[ASSIGNED TASK] Reproduce the records below exactly; no pictures.

[RECORDS TO USE]
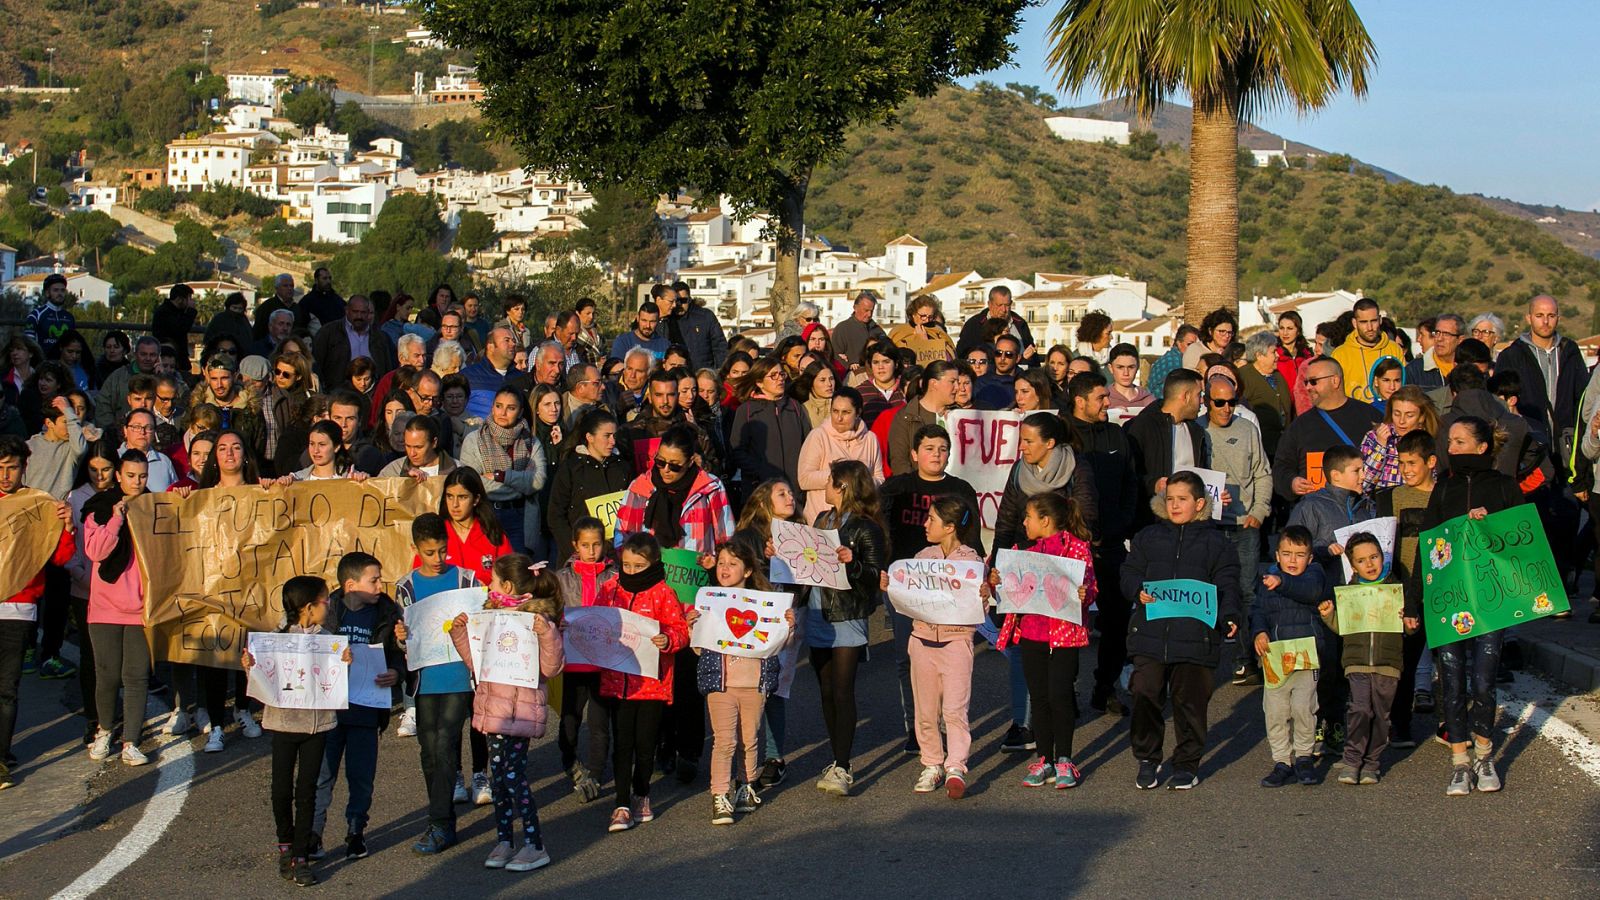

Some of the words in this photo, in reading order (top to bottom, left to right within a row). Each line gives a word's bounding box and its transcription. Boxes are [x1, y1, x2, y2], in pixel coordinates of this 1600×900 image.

[1205, 484, 1219, 502] ZA
[0, 498, 42, 543] EN
[153, 502, 194, 535] EL
[215, 493, 332, 533] PUEBLO
[358, 493, 401, 528] DE
[664, 563, 709, 586] PERANZ
[905, 562, 956, 577] MUCHO
[907, 576, 961, 591] ANIMO
[182, 620, 249, 653] EQUI
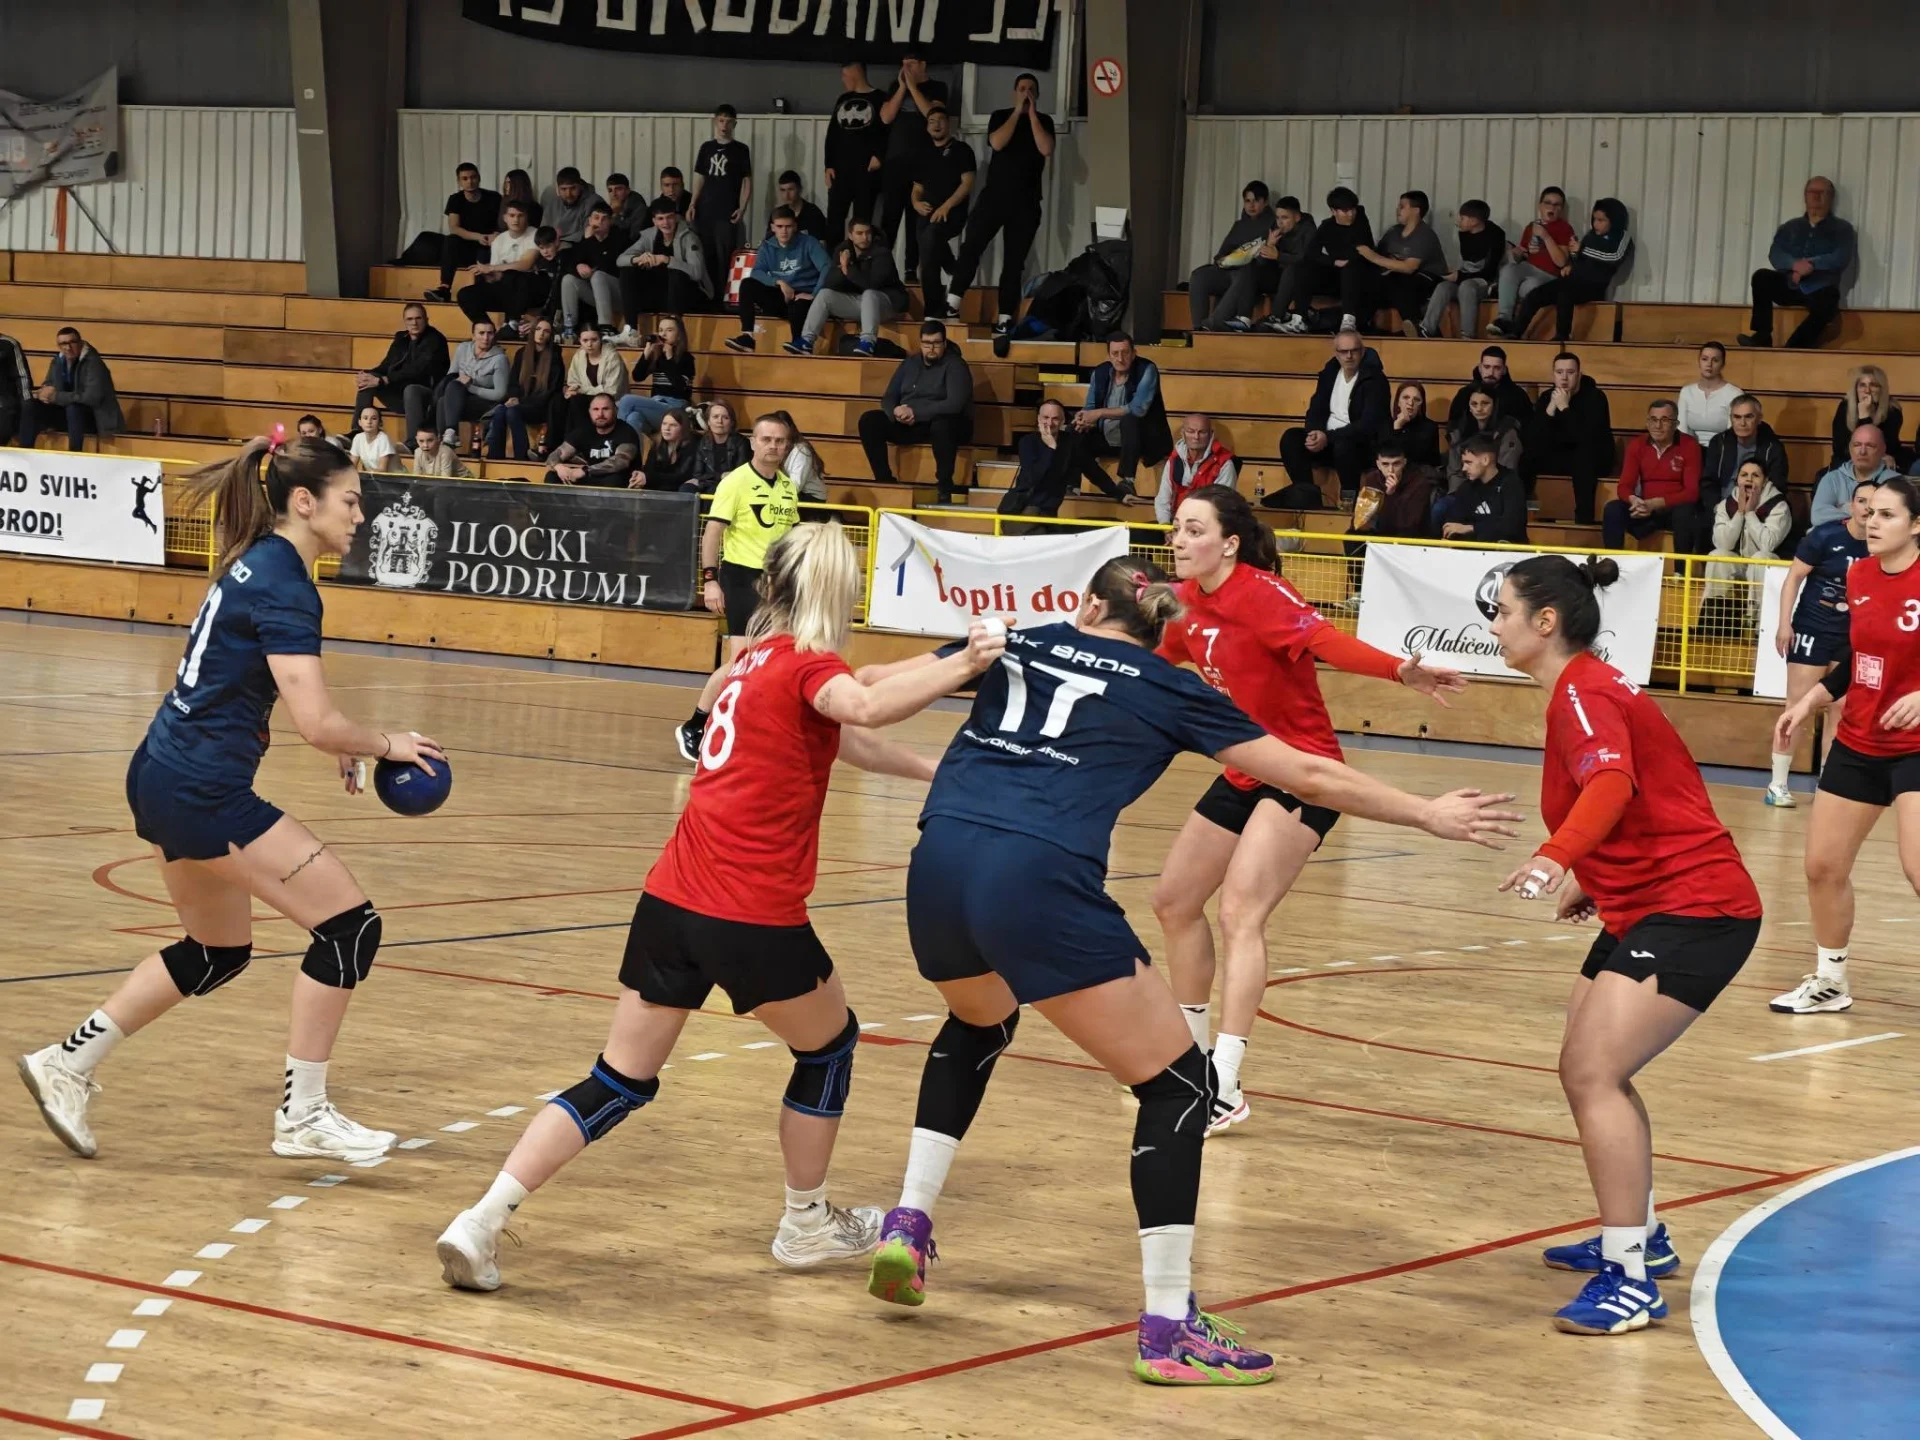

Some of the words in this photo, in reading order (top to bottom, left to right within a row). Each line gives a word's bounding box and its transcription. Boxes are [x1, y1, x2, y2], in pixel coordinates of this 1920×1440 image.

[40, 474, 97, 500] SVIH:
[448, 512, 591, 564] ILOČKI
[443, 560, 651, 606] PODRUMI
[1031, 584, 1080, 613] do
[1202, 628, 1220, 666] 7
[1793, 633, 1815, 657] 14
[999, 652, 1108, 739] 17
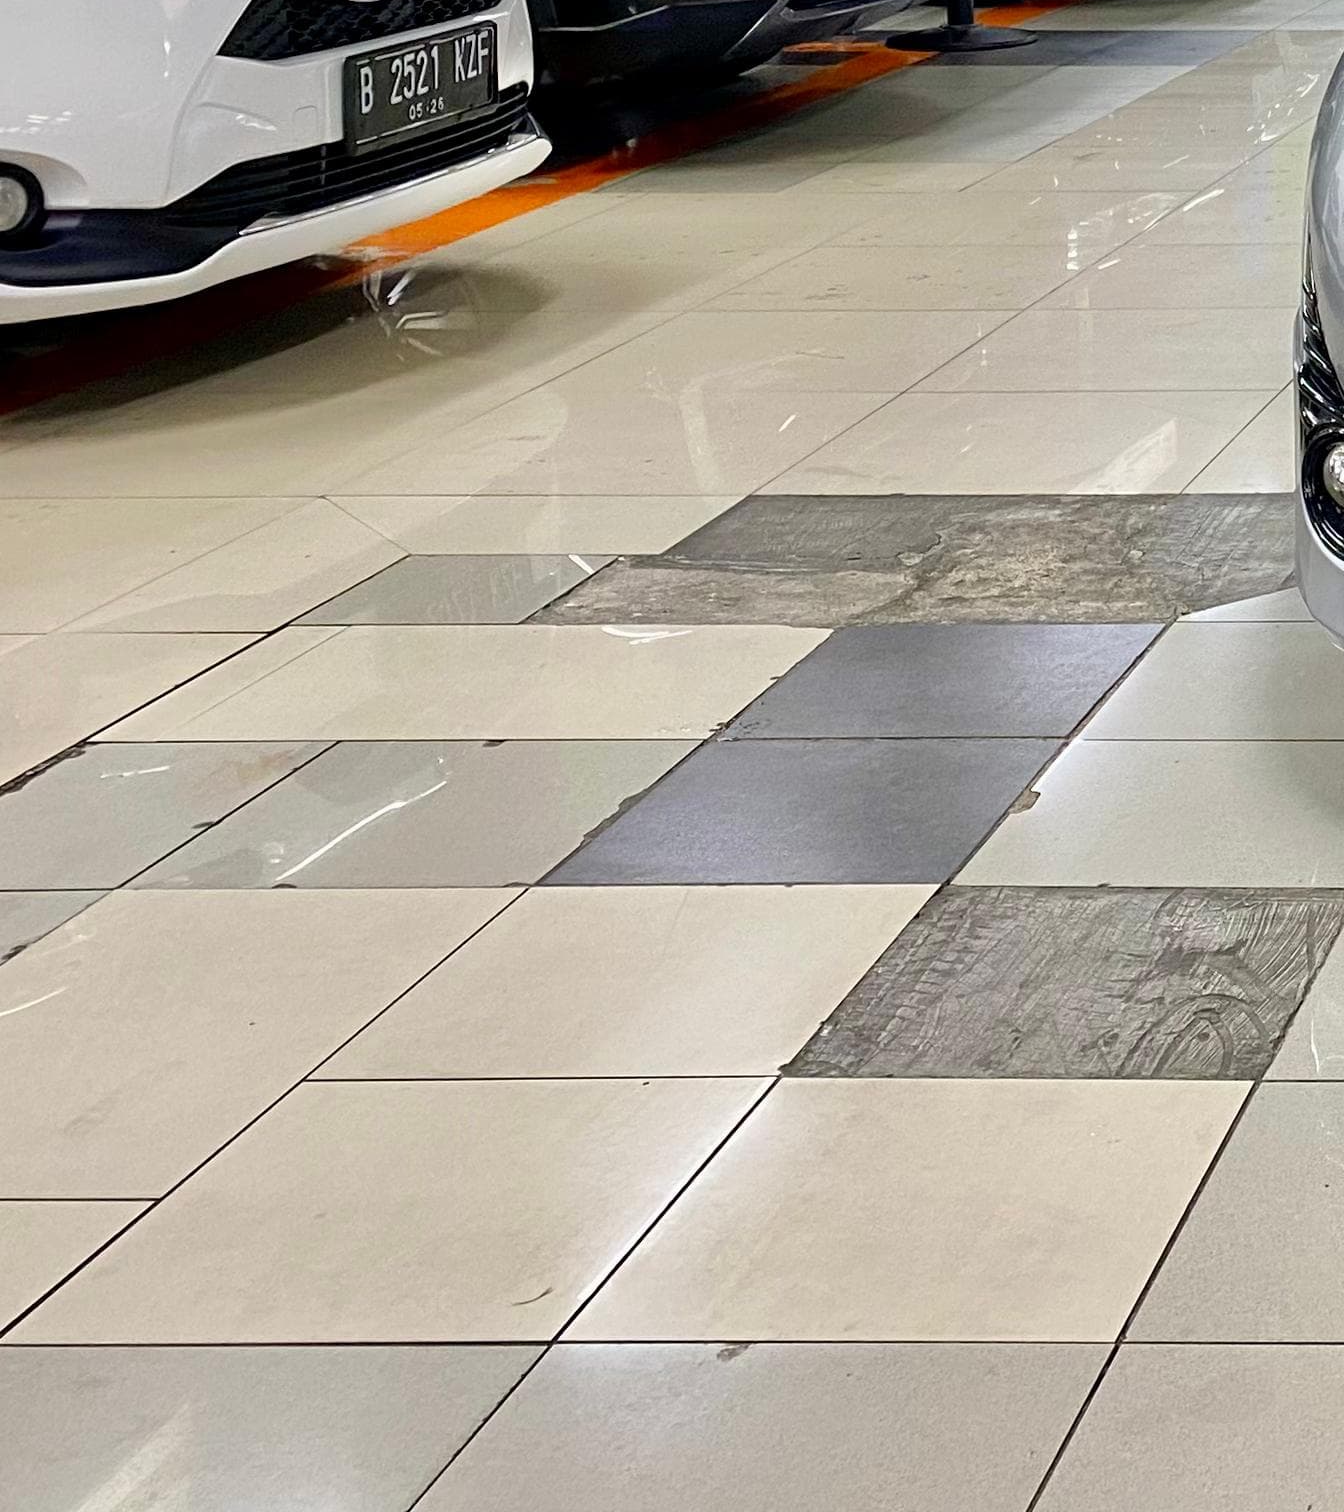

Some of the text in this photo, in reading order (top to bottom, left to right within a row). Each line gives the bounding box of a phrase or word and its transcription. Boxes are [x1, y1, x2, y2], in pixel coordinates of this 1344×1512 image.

[360, 30, 489, 115] B 2521 KZF
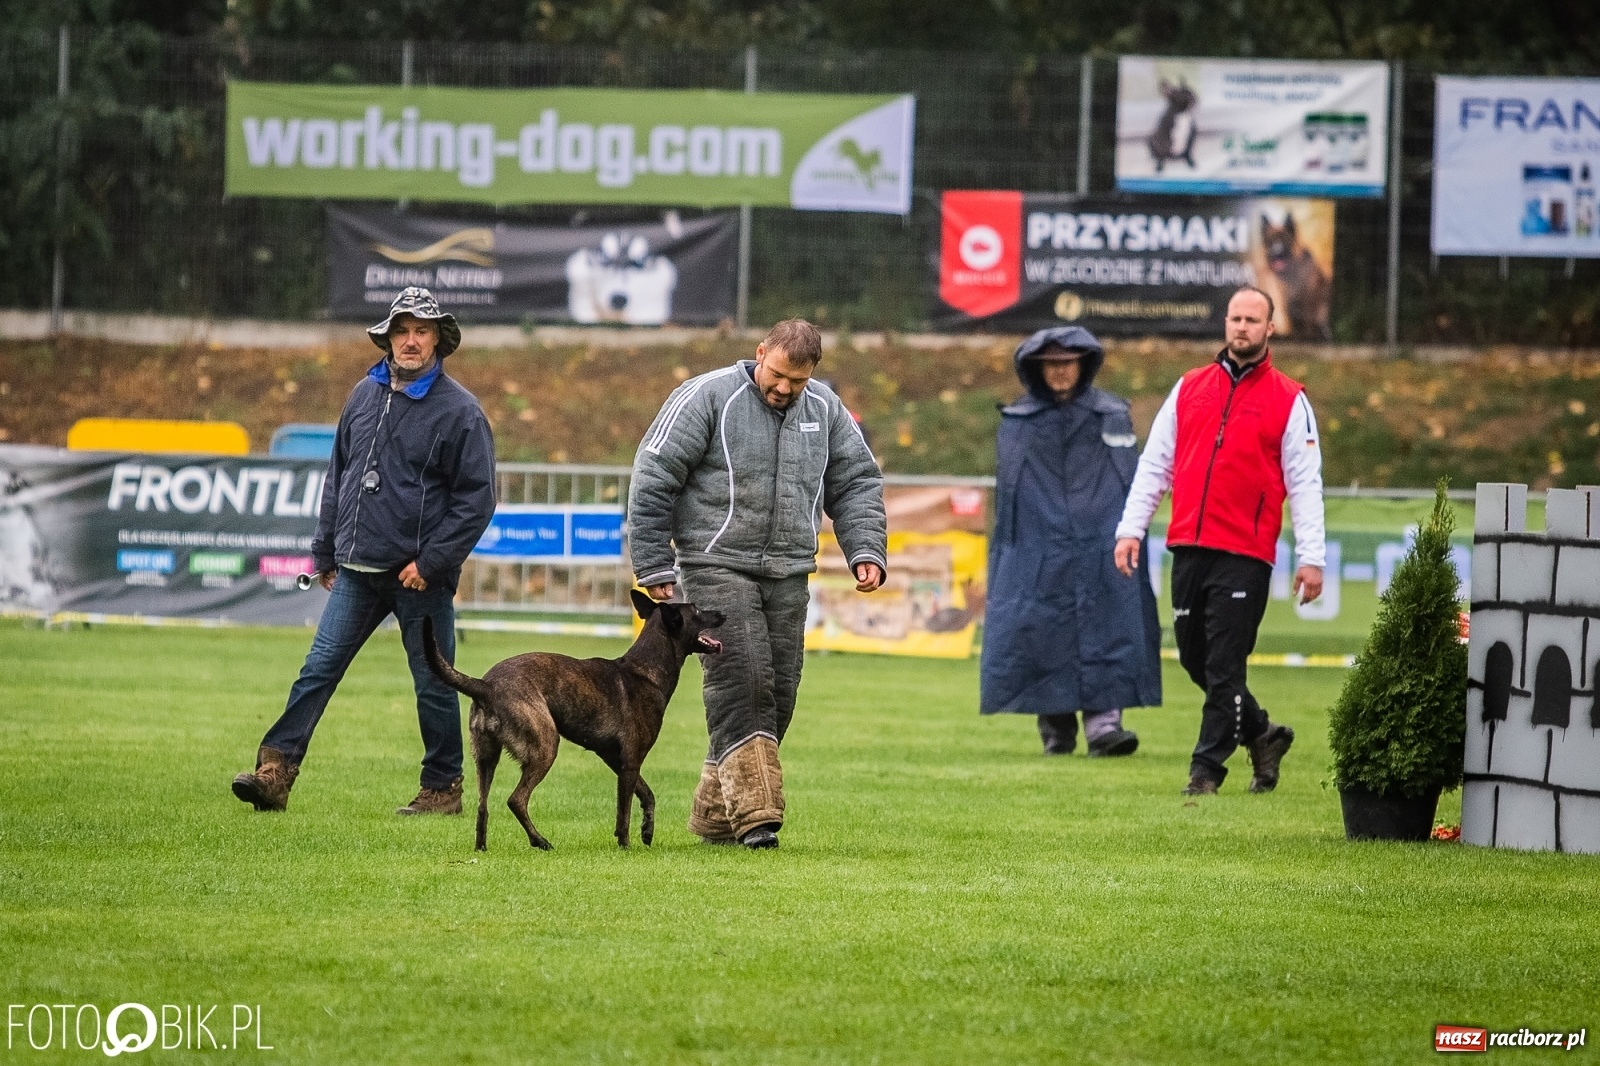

[WRITTEN ANSWER]
Some of the words in this photo, in reading order (top to bottom, left to right within a row). Each line gives a word's bounding box and its transcription. Boxes are [x1, y1, x2, y2], in pixel coordinates of this 1600×900 image.

[1205, 484, 1219, 502] ZA
[0, 498, 42, 543] EN
[153, 502, 194, 535] EL
[215, 493, 332, 533] PUEBLO
[358, 493, 401, 528] DE
[664, 563, 709, 586] PERANZ
[905, 562, 956, 577] MUCHO
[907, 576, 961, 591] ANIMO
[182, 620, 249, 653] EQUI

Some of the words in this photo, in reading order (top to bottom, left to right within a row). Each line gives a word's bounding box and its transcription. Boxes are [x1, y1, x2, y2], in pixel coordinates of this 1920×1440 image.

[40, 474, 97, 500] SVIH:
[448, 512, 591, 564] ILOČKI
[443, 560, 651, 606] PODRUMI
[1031, 584, 1080, 613] do
[1202, 628, 1220, 666] 7
[1793, 633, 1815, 657] 14
[999, 652, 1108, 739] 17

Some of the text in this photo, in reading order (top to bottom, left to right within a row). Each line gives the bounding box of a phrase or word and its transcription. Boxes are [x1, y1, x2, y2], in pixel coordinates of this 1344×1512 image.

[360, 30, 489, 115] B 2521 KZF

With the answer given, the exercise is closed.